How to access elements of array when parameter is double pointer?

First function changes big letter to small. In main I need to have five strings and with function konvertuj I have to go through that array and check for each letter if it's big and convert it to small. The point is that I don't know how to access each character of string in the function. (It's study example so it has to be done with these predefined functions.
char v2m(char z){
char m = z + 0x20;
return m;
}
void konvertuj(char **niz, int n){
for (int i = 0; i < n; i++)
if(*niz[i] > 'A' && *niz[i] < 'Z')
*niz[i] = v2m(*niz[i]);
}
int main(){
char **niz;
niz[0] = "Voda";
niz[1] = "KraISSa";
niz[2] = "somsssR";
niz[3] = "aaaaa";
niz[4] = "WeWeWeW";
for (int i = 0; i < 5; i++)
{
int d = -1;
while(niz[i][++d]);
konvertuj(&niz[i], d);
printf("%s ", niz[i]);
}
}

v2m - no need of the variable m
konvertuj no need to iterate through the same letters all over again. You want to convert 1 letter as you iterate in main. Your condition is wrong as you will ignore 'A' and 'Z'
Pointer to pointer does not have allocated space to accommodate 5 pointers. You need to allocate this space. In your code is it UB.

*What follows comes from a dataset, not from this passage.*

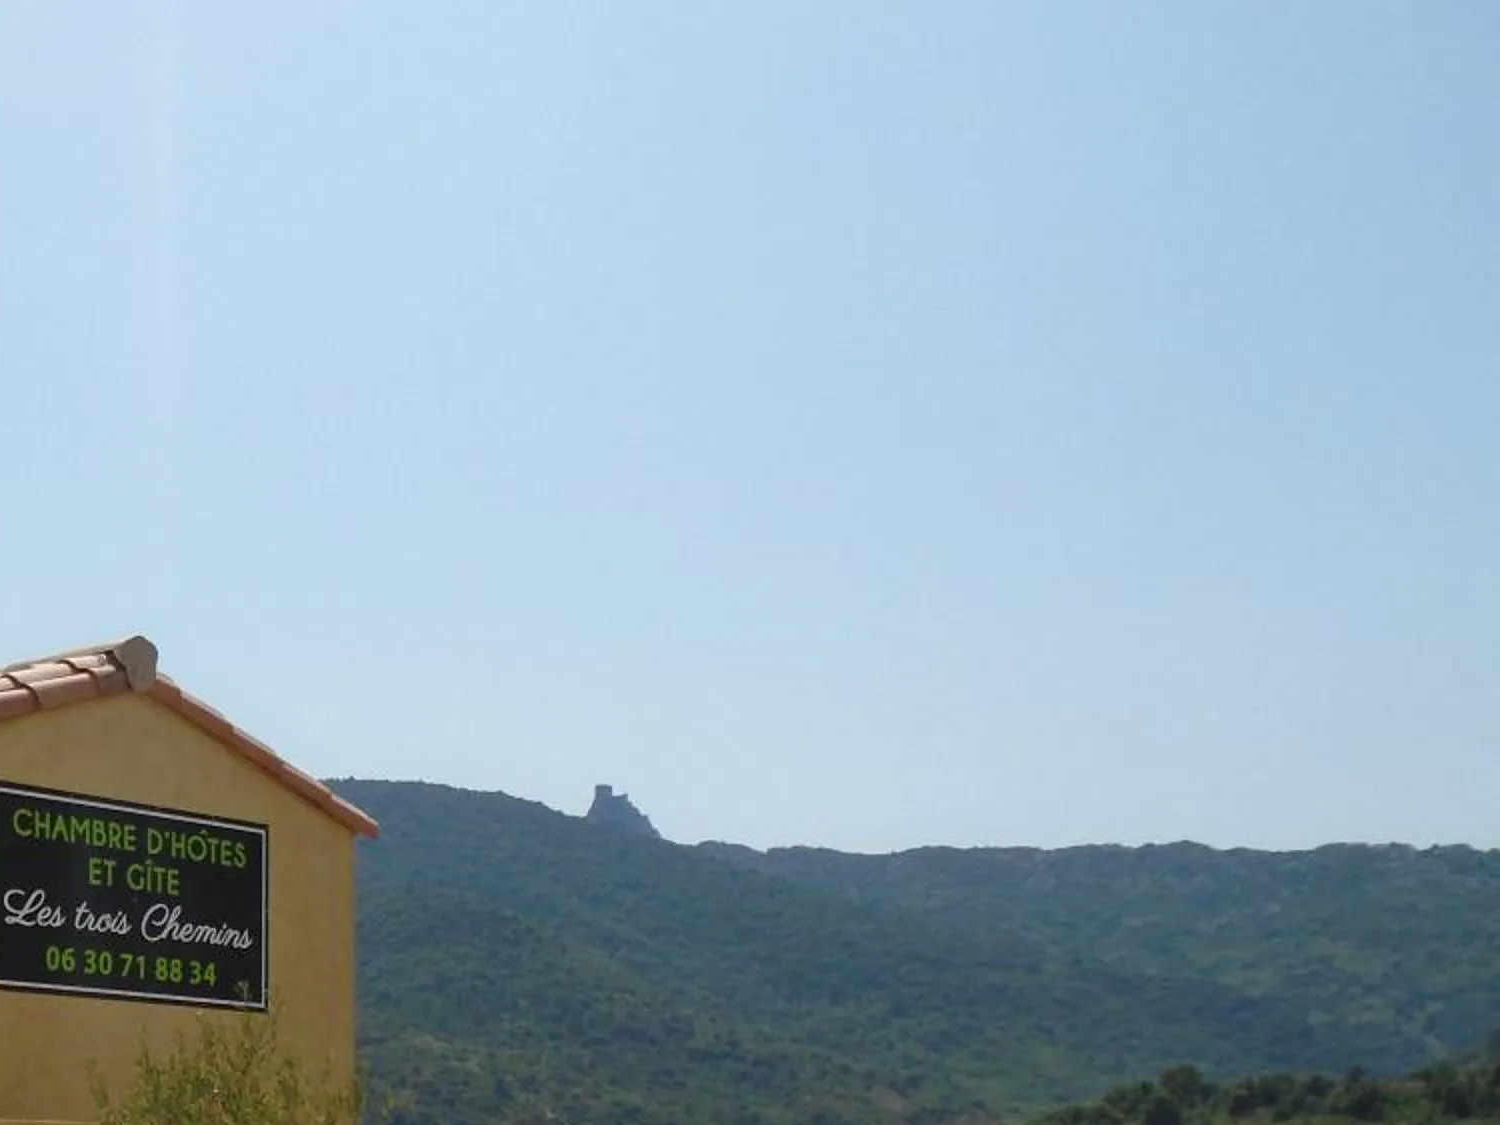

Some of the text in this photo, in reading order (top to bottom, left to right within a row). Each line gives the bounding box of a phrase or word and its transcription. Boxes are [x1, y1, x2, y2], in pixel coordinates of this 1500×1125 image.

[13, 808, 247, 868] CHAMBRE D'HÔTES
[89, 857, 180, 895] ET GÎTE
[3, 889, 252, 949] Les trois Chemins
[46, 946, 217, 987] 06 30 71 88 34

3.a You assign the pointers to the string literals. Attempt to modify the string literal invokes Undefined Behaviour. In my code, I use compound literals which are modifiable.

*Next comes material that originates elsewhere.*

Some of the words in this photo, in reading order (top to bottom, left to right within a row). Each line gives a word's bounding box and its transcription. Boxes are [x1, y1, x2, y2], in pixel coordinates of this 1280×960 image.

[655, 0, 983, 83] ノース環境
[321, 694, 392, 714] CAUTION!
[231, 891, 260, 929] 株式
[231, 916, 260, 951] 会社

3.b use correct type for indexes (size_t).
char v2m(char z){
return z + 0x20;
}
void konvertuj(char *niz, size_t n){
if(niz[n] >= 'A' && niz[n] <= 'Z')
niz[n] = v2m(niz[n]);
}
int main(void){
char **niz = malloc(5 * sizeof((*niz)));
niz[0] = (char[]){"Voda"};
niz[1] = (char[]){"KraISSa"};
niz[2] = (char[]){"somsssR"};
niz[3] = (char[]){"aaaaa"};
niz[4] = (char[]){"WeWeWeW"};
for (size_t i = 0; i < 5; i++)
{
size_t d = 0;
while(niz[i][d])
konvertuj(niz[i], d++);
printf("%s ", niz[i]);
}
}
As I( understand you need to keep the function names types and parameters

Sure, it is possible to write it the way you did, but you have to build things accordingly and you did not.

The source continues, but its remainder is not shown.